*Problem to work on*: Begin at the line containing "this 1600×1067 image." in the entries below and end at the line containing "this 2000×1500 image."; transcribe that range exactly and nothing outside it.

Task data Start Marker

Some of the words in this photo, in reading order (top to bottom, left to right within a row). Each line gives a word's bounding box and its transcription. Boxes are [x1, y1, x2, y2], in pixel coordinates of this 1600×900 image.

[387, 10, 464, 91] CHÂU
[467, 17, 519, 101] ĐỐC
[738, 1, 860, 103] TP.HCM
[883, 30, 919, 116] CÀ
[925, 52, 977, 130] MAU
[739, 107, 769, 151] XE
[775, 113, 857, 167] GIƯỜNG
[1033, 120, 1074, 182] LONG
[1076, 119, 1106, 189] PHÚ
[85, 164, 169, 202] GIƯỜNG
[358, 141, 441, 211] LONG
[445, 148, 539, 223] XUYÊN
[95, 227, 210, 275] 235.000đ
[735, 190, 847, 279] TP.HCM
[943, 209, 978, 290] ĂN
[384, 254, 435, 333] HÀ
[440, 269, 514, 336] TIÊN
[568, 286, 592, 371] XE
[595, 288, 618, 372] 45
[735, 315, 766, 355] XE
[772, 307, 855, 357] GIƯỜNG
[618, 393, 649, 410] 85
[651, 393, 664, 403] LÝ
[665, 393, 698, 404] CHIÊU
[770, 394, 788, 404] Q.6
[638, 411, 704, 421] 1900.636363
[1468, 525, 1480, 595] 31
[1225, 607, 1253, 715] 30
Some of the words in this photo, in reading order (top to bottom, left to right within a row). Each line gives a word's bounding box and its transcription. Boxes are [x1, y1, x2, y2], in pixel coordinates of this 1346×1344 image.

Task data End Marker
Task data Start Marker

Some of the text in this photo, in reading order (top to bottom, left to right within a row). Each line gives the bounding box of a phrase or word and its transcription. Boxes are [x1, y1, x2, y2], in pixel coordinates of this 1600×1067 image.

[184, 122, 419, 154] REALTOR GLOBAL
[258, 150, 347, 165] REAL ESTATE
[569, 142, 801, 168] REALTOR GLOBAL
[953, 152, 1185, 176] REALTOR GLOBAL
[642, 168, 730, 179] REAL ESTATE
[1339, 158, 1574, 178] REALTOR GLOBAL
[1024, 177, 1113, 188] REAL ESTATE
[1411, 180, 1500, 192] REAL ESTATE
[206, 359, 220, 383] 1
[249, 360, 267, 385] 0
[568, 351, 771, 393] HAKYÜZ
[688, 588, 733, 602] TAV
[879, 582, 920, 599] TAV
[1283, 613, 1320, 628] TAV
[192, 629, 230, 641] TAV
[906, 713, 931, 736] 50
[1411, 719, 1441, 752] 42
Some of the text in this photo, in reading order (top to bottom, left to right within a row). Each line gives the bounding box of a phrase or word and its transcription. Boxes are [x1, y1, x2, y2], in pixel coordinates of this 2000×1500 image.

Task data End Marker
Task data Start Marker

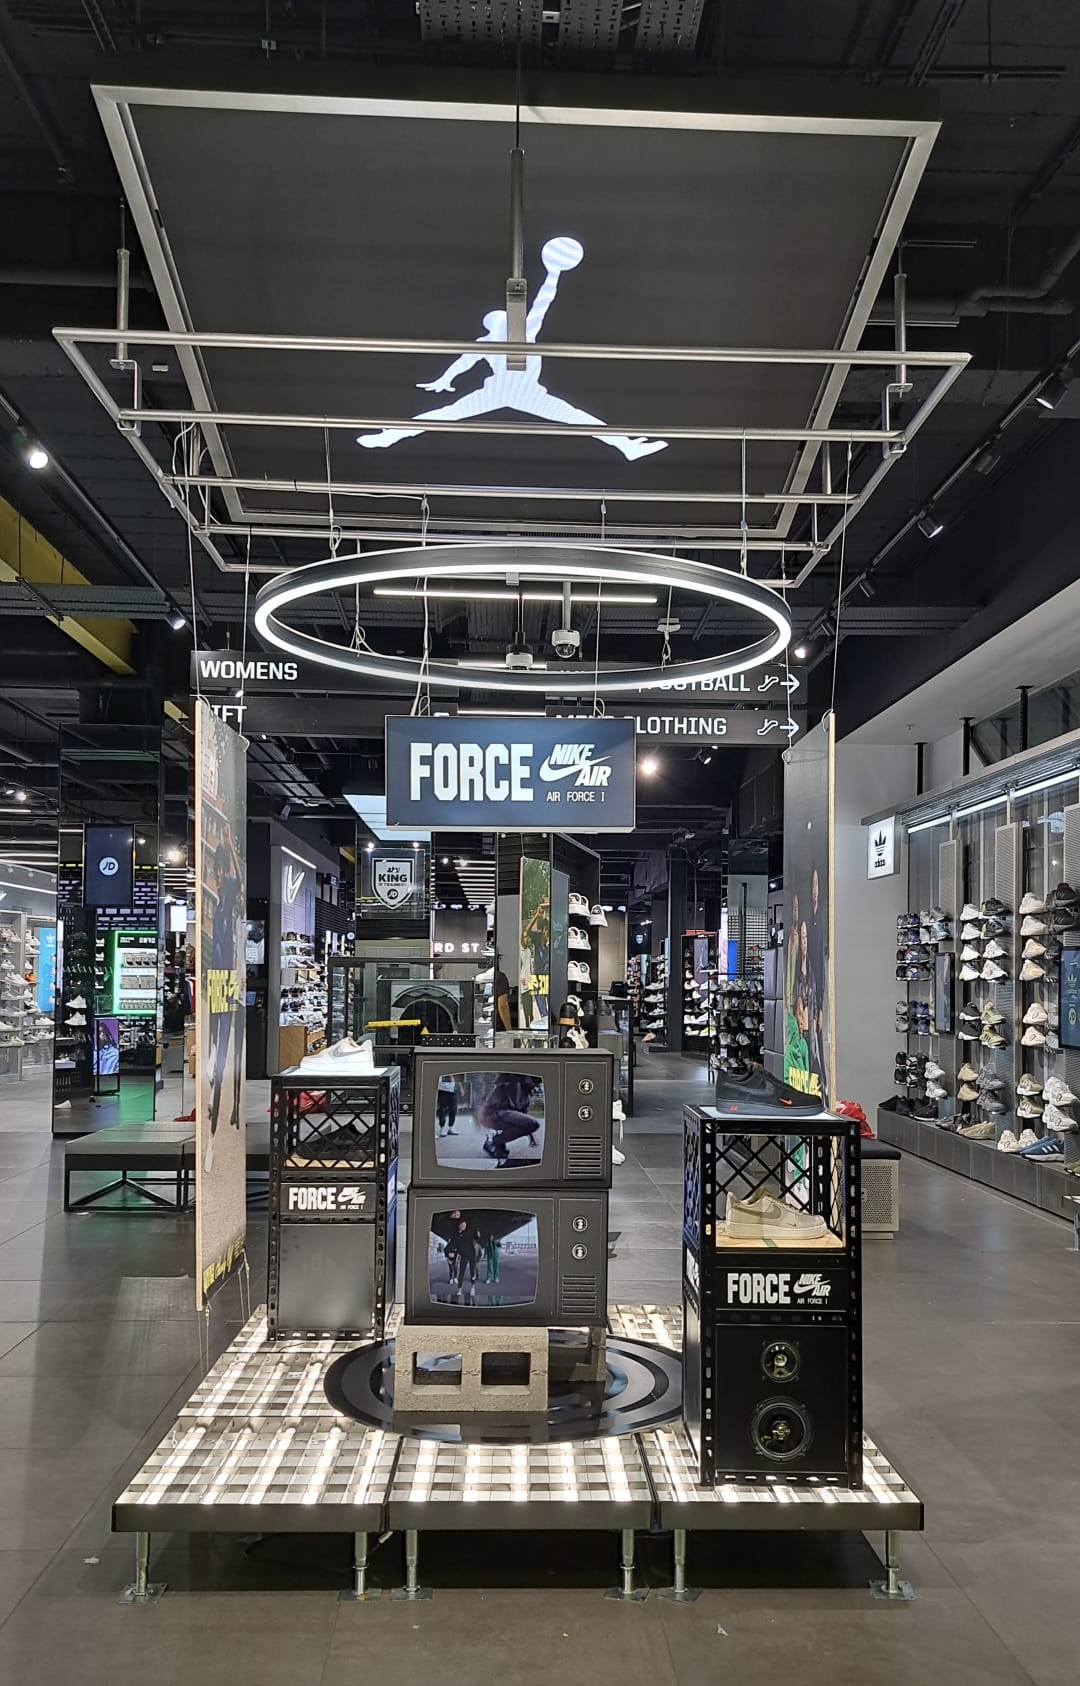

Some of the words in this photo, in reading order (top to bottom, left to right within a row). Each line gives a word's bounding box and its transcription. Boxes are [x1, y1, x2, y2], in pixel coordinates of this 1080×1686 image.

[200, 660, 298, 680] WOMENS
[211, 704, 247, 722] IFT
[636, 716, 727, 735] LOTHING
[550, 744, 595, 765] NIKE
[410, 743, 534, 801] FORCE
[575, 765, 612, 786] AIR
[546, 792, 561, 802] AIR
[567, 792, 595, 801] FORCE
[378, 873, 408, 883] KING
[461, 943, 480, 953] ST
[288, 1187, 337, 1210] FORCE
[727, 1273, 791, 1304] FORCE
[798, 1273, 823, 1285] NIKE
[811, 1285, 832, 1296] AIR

Task data End Marker

*Solved exercise*:
Some of the text in this photo, in reading order (top to bottom, left to right within a row). Each line gives the bounding box of a phrase or word and its transcription. Boxes are [x1, y1, x2, y2], in pixel coordinates of this 1600×1067 image.

[184, 122, 419, 154] REALTOR GLOBAL
[258, 150, 347, 165] REAL ESTATE
[569, 142, 801, 168] REALTOR GLOBAL
[953, 152, 1185, 176] REALTOR GLOBAL
[642, 168, 730, 179] REAL ESTATE
[1339, 158, 1574, 178] REALTOR GLOBAL
[1024, 177, 1113, 188] REAL ESTATE
[1411, 180, 1500, 192] REAL ESTATE
[206, 359, 220, 383] 1
[249, 360, 267, 385] 0
[568, 351, 771, 393] HAKYÜZ
[688, 588, 733, 602] TAV
[879, 582, 920, 599] TAV
[1283, 613, 1320, 628] TAV
[192, 629, 230, 641] TAV
[906, 713, 931, 736] 50
[1411, 719, 1441, 752] 42
Some of the text in this photo, in reading order (top to bottom, left to right within a row). Each line gives the bounding box of a phrase or word and its transcription. Boxes are [x1, y1, x2, y2], in pixel coordinates of this 2000×1500 image.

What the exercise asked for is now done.